Three Generations of Fujima
Kanjuro VI was born October 1900, the son of Matsumoto, a Hikide-jaya (teahouse) in Suzaki. At the age of six, he entered the Kabuki world, performing as a child actor. Kanjuro VI was adopted into the Fujima family at the age of fifteen, and started his life as a dance master while working for his step-mother.
In the first year of the Showa era, upon the recommendation of Kikugoro VI, he began his career as a choreographer. Many dances that Kikugoro VI performed – such as Funa Benkei, Hane no Kamuro and Ukare bozu – were all newly choreographed by Kanjuro VI. In 1937, for Fujimusume, he replaced the section called Itako dejima with Fuji ondo, giving the dance a brand new feeling. This was epoch-making.
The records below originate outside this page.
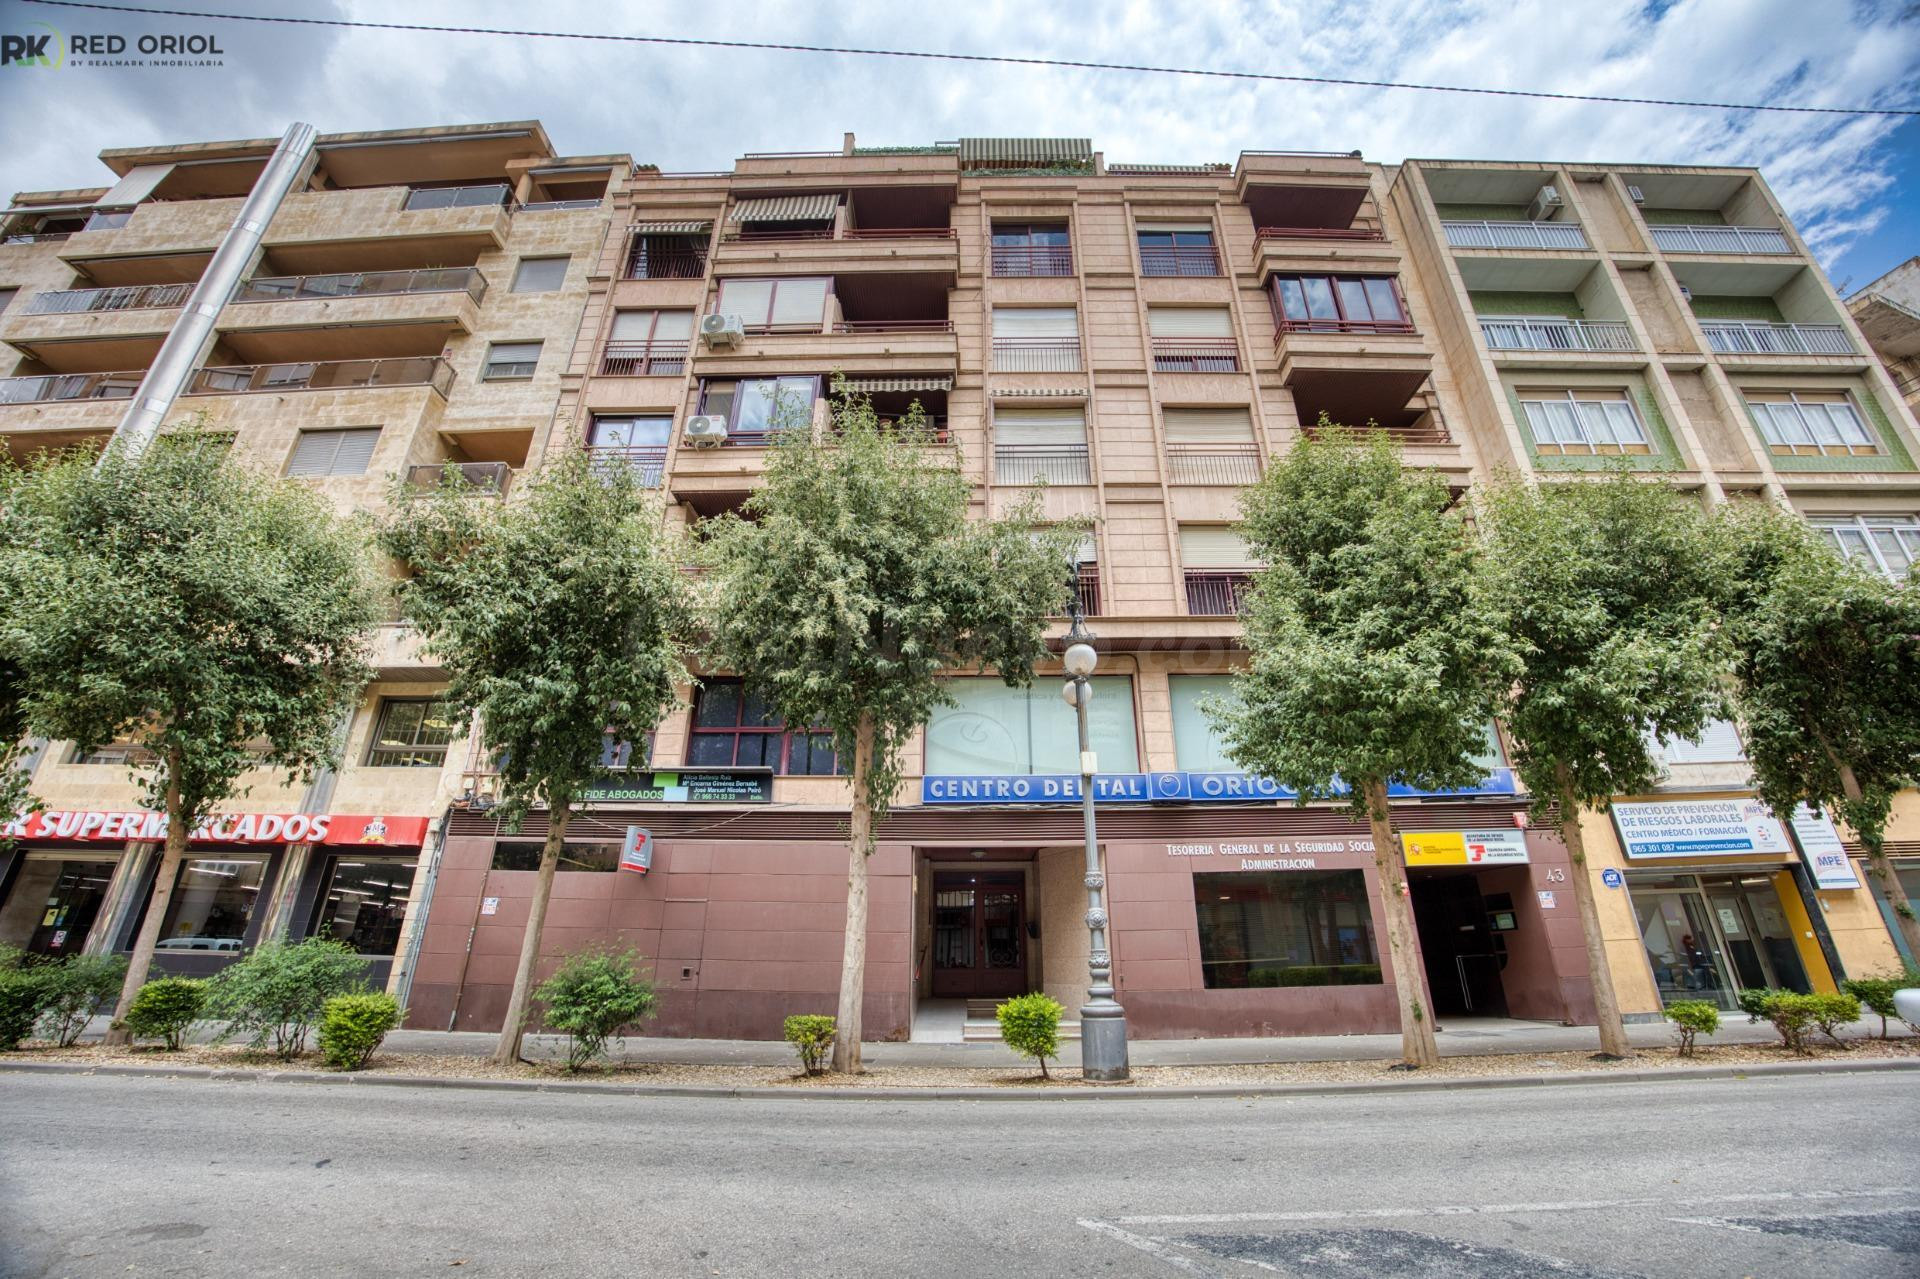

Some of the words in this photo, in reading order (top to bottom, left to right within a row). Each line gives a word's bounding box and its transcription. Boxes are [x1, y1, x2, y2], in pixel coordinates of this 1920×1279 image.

[583, 790, 606, 799] FIDE
[606, 790, 664, 799] ABOGADOS
[930, 779, 1031, 797] CENTRO
[1617, 806, 1660, 817] SERVICIO
[1663, 805, 1677, 815] DE
[1678, 803, 1738, 814] PREVENCIÓN
[1622, 817, 1637, 828] DE
[1639, 815, 1683, 826] RIESGOS
[1683, 813, 1743, 825] LABORALES
[1626, 829, 1660, 839] CENTRO
[1661, 826, 1694, 837] MÉDICO
[1699, 825, 1748, 836] FORMACIÓN
[1219, 843, 1260, 855] GENERAL
[1263, 843, 1274, 854] DE
[1279, 843, 1291, 854] LA
[1294, 841, 1345, 853] SEGURIDAD
[1348, 840, 1376, 852] SOCIA
[1632, 844, 1647, 853] 965
[1648, 843, 1660, 852] 301
[1661, 843, 1675, 852] 087
[1241, 858, 1316, 870] ADMINISTRACION
[1817, 855, 1843, 867] MPE
[1546, 868, 1565, 882] 43
Kikugoro VI felt that a truly talented dancer of pure, classical Nihon buyo should be able to convey feeling through dance alone, whereupon Kanjuro VI created the delicate, sophisticated artistic genre for which he is so highly regarded, called su-odori (uncostumed dance). Performing thereafter only in su-odori style, Kanjuro VI kept the promise made between them for the rest of his life.
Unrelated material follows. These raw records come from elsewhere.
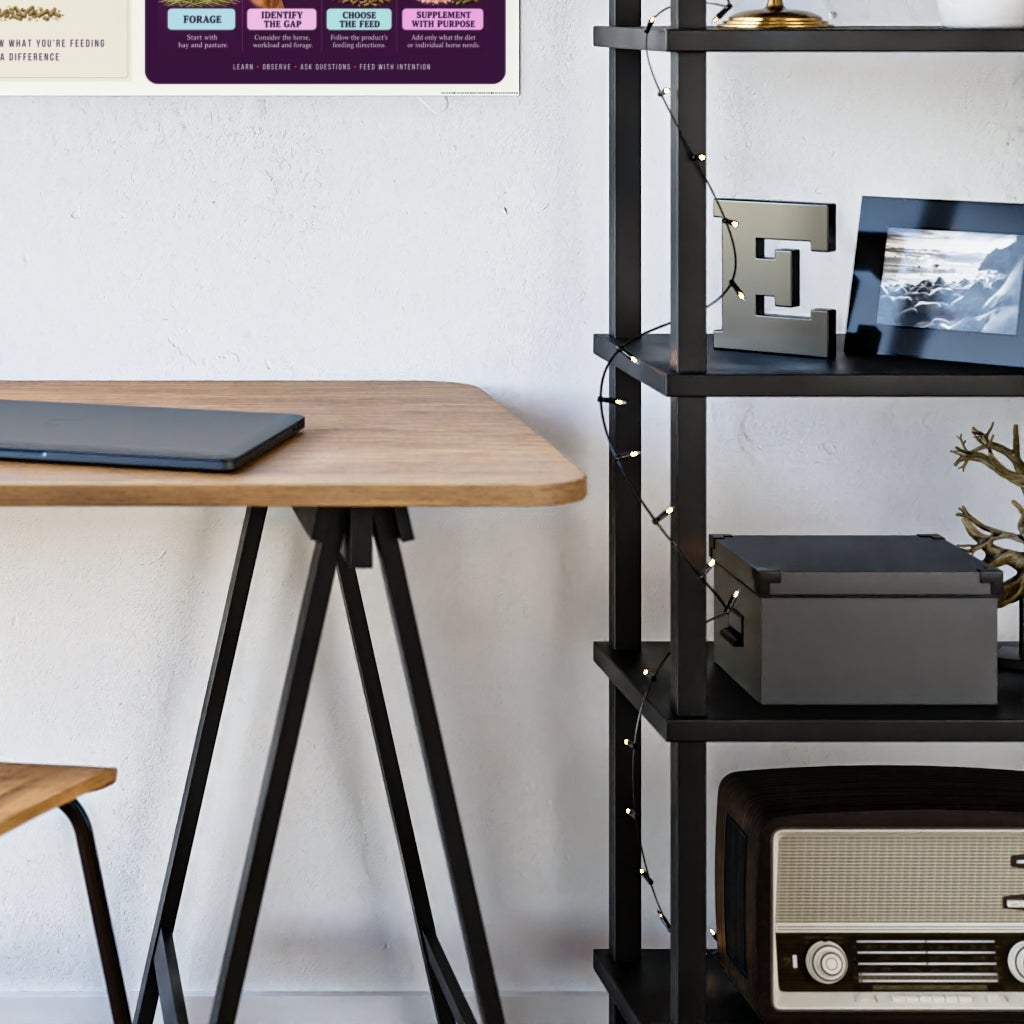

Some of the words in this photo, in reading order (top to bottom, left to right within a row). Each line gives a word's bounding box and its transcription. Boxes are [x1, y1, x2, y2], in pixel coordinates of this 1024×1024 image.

[184, 15, 222, 23] FORAGE
[262, 11, 303, 19] IDENTIFY
[416, 11, 471, 19] SUPPLEMENT
[264, 20, 281, 28] THE
[284, 20, 302, 28] GAP
[340, 20, 356, 28] THE
[360, 20, 380, 28] FEED
[437, 20, 475, 28] PURPOSE
[9, 39, 31, 47] WHAT
[36, 39, 65, 47] YOU'RE
[70, 39, 104, 47] FEEDING
[0, 53, 5, 61] A
[9, 53, 59, 61] DIFFERENCE
[714, 199, 836, 358] E
Fujima Kanjuro VI was awarded many honors and titles. He was selected for the Japan Academy of Art Award (Nippon Geijutsuin-sho), honored with The Order of Culture (Bunka Kunsho), and in 1960 was named an Important Intangible Cultural Heritage (Human National Treasure; Ningen Kokuho).
Fujima Kanjuro VI
Born in 1945, she grew up in Atami. While being nurtured by her father, Kanjuro VI, she received a rigorous training preparing her to become a dance master. In 1966, she made a dramatic debut at the age of 20, dancing Shunkyo Kagami Jishi in Fujima-kai, and in 1969, made an enourmous leap forward as a virtuoso artist when she danced Kyoganoko Musume Dojoji, for which she received the Minister of Education's Award in the Arts (Geijutsu Sensho Monbu Daijin-sho).
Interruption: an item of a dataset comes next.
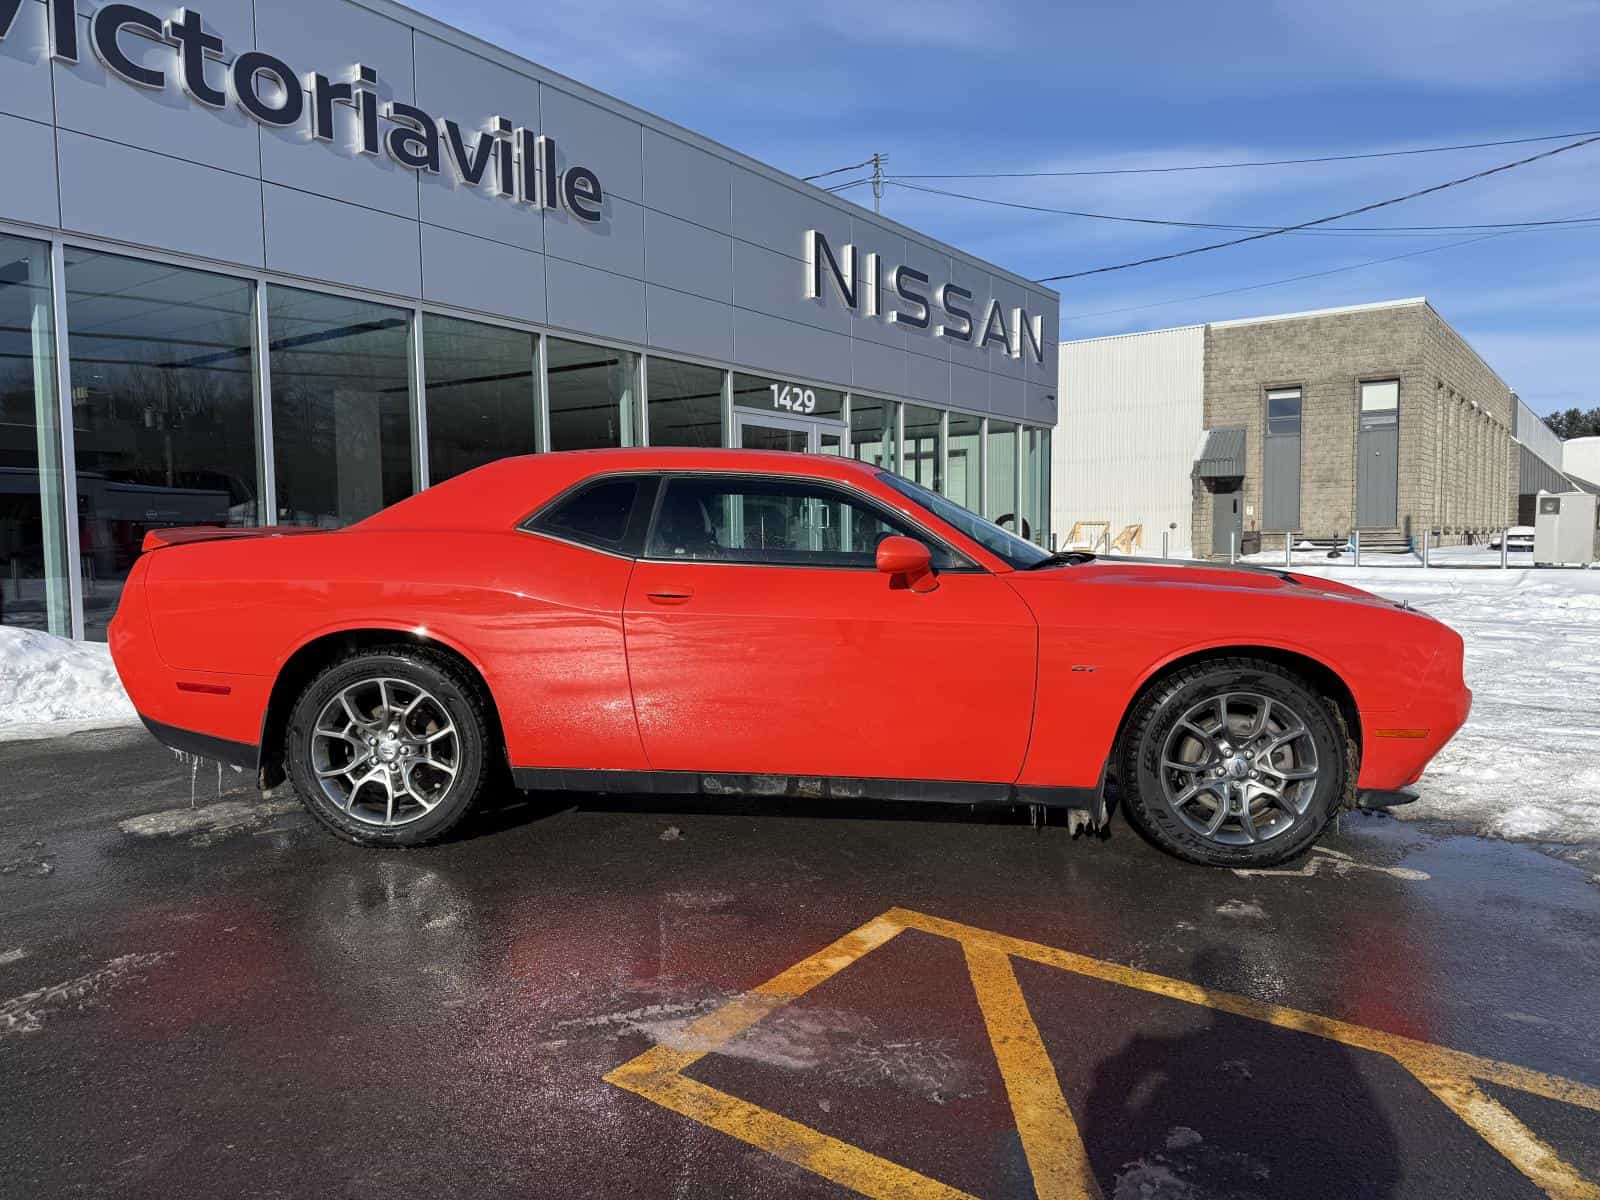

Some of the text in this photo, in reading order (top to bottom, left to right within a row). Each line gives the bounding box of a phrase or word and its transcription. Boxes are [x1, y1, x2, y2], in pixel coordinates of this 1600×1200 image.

She studied choreography for Kabuki dance under the Kanjuro VI, and in 1986, assumed the name Kanjuro VII. While choreographing countless Kabuki dances, she puts an enormous amount of effort into training young actors in dance. In 2002, she received the name Fujima Kanso III.
Fujima Kanjuro VII
Fujima Kanjuro VIII
Born in Tokyo in 1980, he studied with both his grandfather, Kanjuro VI, and his mother, Kanjuro VII (currently Kanso III) in order to become a dance master and artist. He made his debut in Ame no Goro in 1983, and also showed great effort as a child actor.
In 2002, he assumed the name Fujima Kanjuro VIII. Currently, he puts much effort into training young actors, while choreographing Kabuki dances along with his mother. He also goes by the name, “Tomabune” as both an author and composer, and has produced many new works in addition to being involved in many fields as an artistic director/stage director. In 2007, he joined the Kabuki performance at the Opera House in France as choreographer.